┏━━
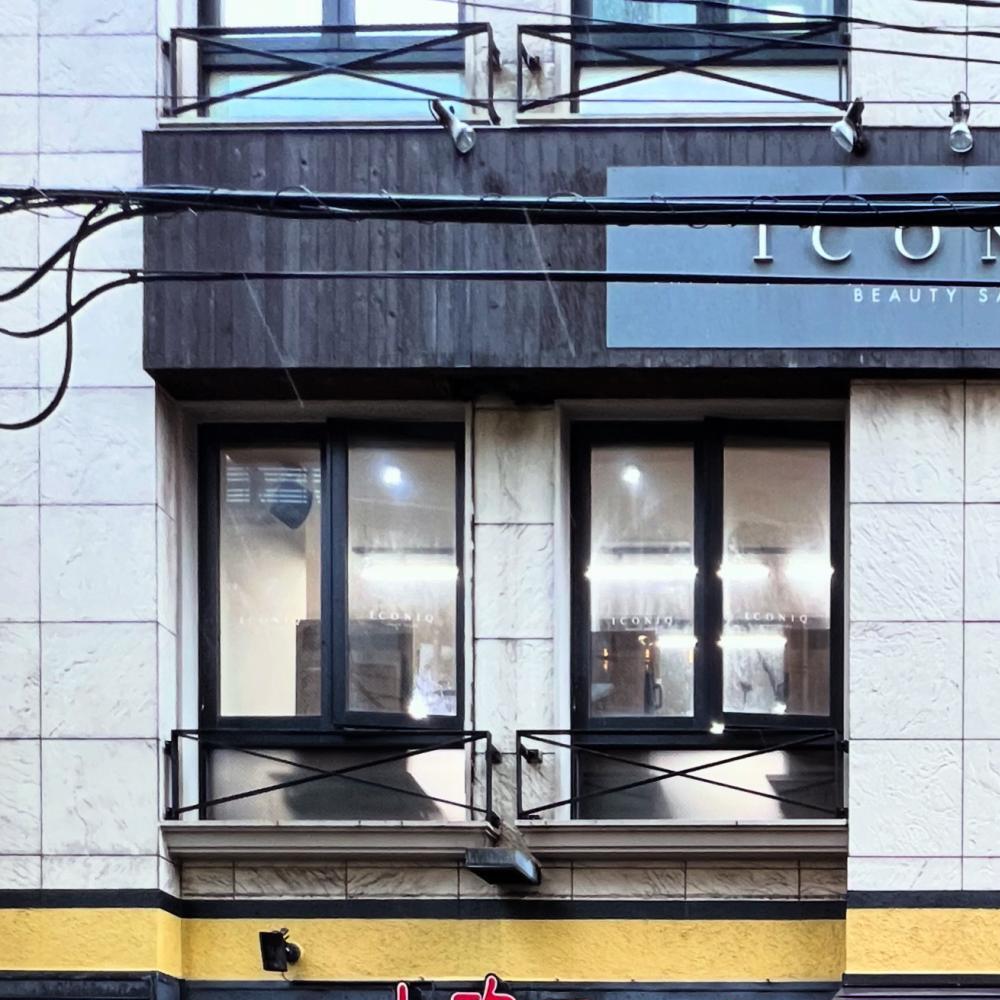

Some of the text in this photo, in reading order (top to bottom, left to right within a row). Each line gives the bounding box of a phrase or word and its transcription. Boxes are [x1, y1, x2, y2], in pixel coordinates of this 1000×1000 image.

[853, 288, 957, 303] BEAUTY
[369, 610, 435, 624] ICONIQ
[611, 615, 673, 626] ICONIQ
[744, 611, 808, 624] ICONIQ
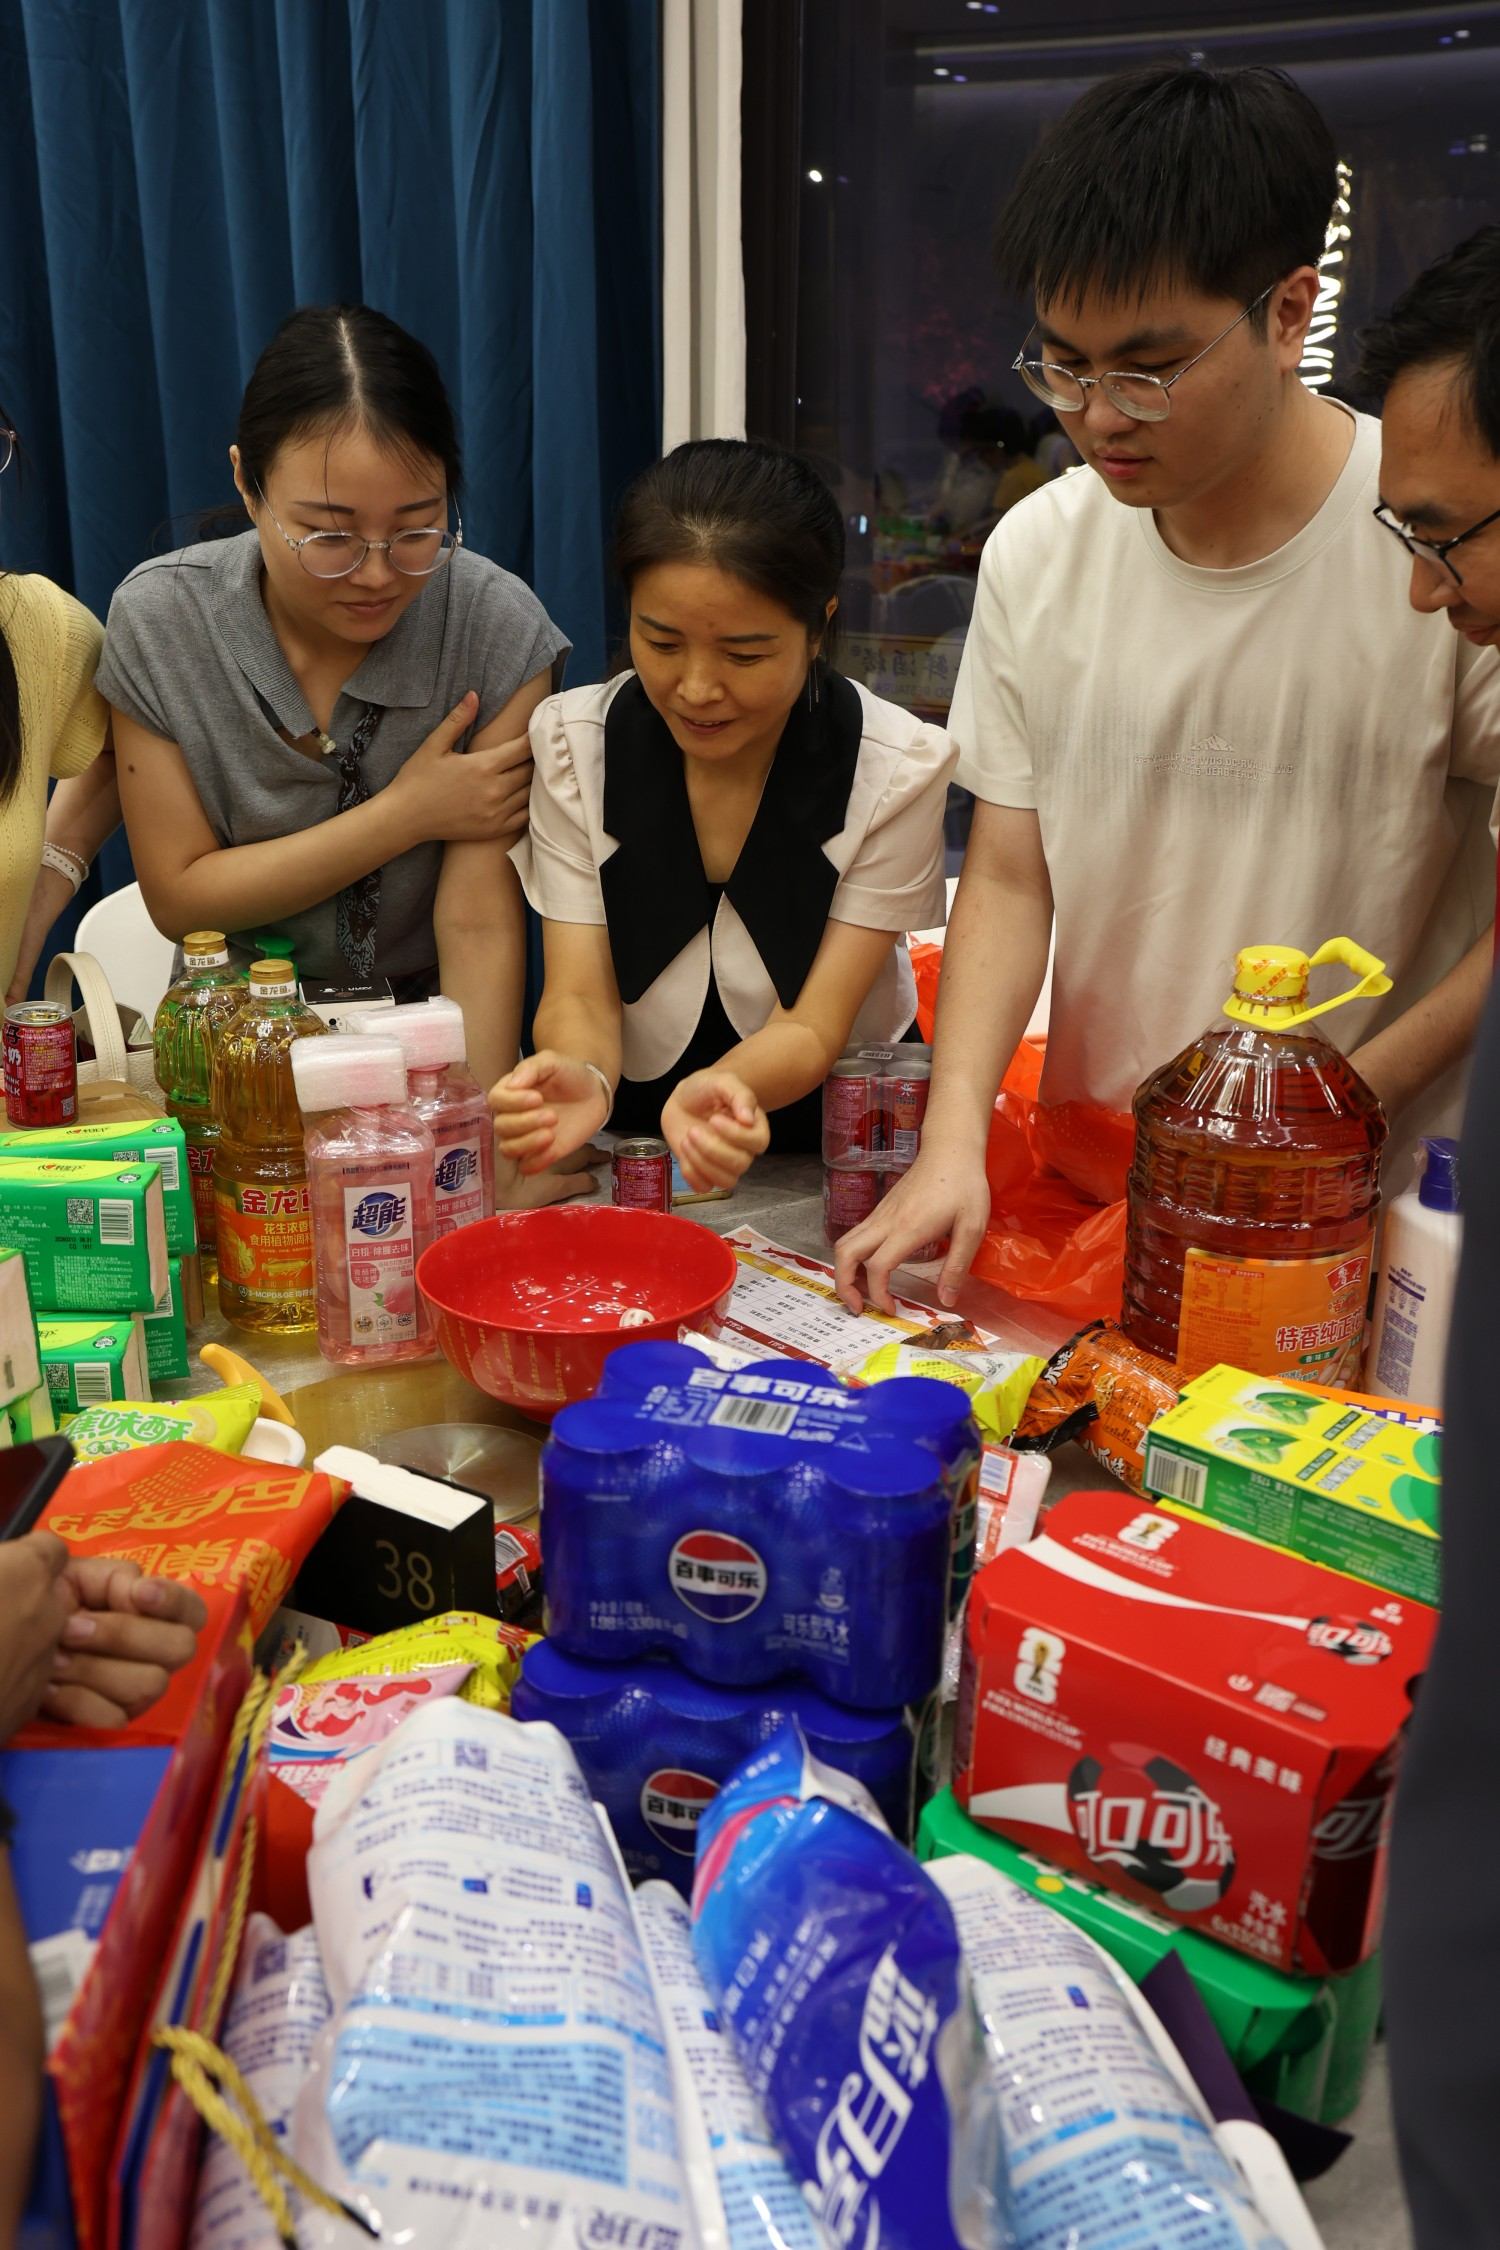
┗━━
Activity -> Every line of the material above must be written out exactly, with no pictures.

Response ->
Some of the text in this photo, in reading order (top to bottom, left to right within a row). Each line gives the bounding box of a phrase or word and its transcription. Boxes are [x1, y1, x2, y2], in pixel coordinates of this 1000×1000 image.

[853, 288, 957, 303] BEAUTY
[369, 610, 435, 624] ICONIQ
[611, 615, 673, 626] ICONIQ
[744, 611, 808, 624] ICONIQ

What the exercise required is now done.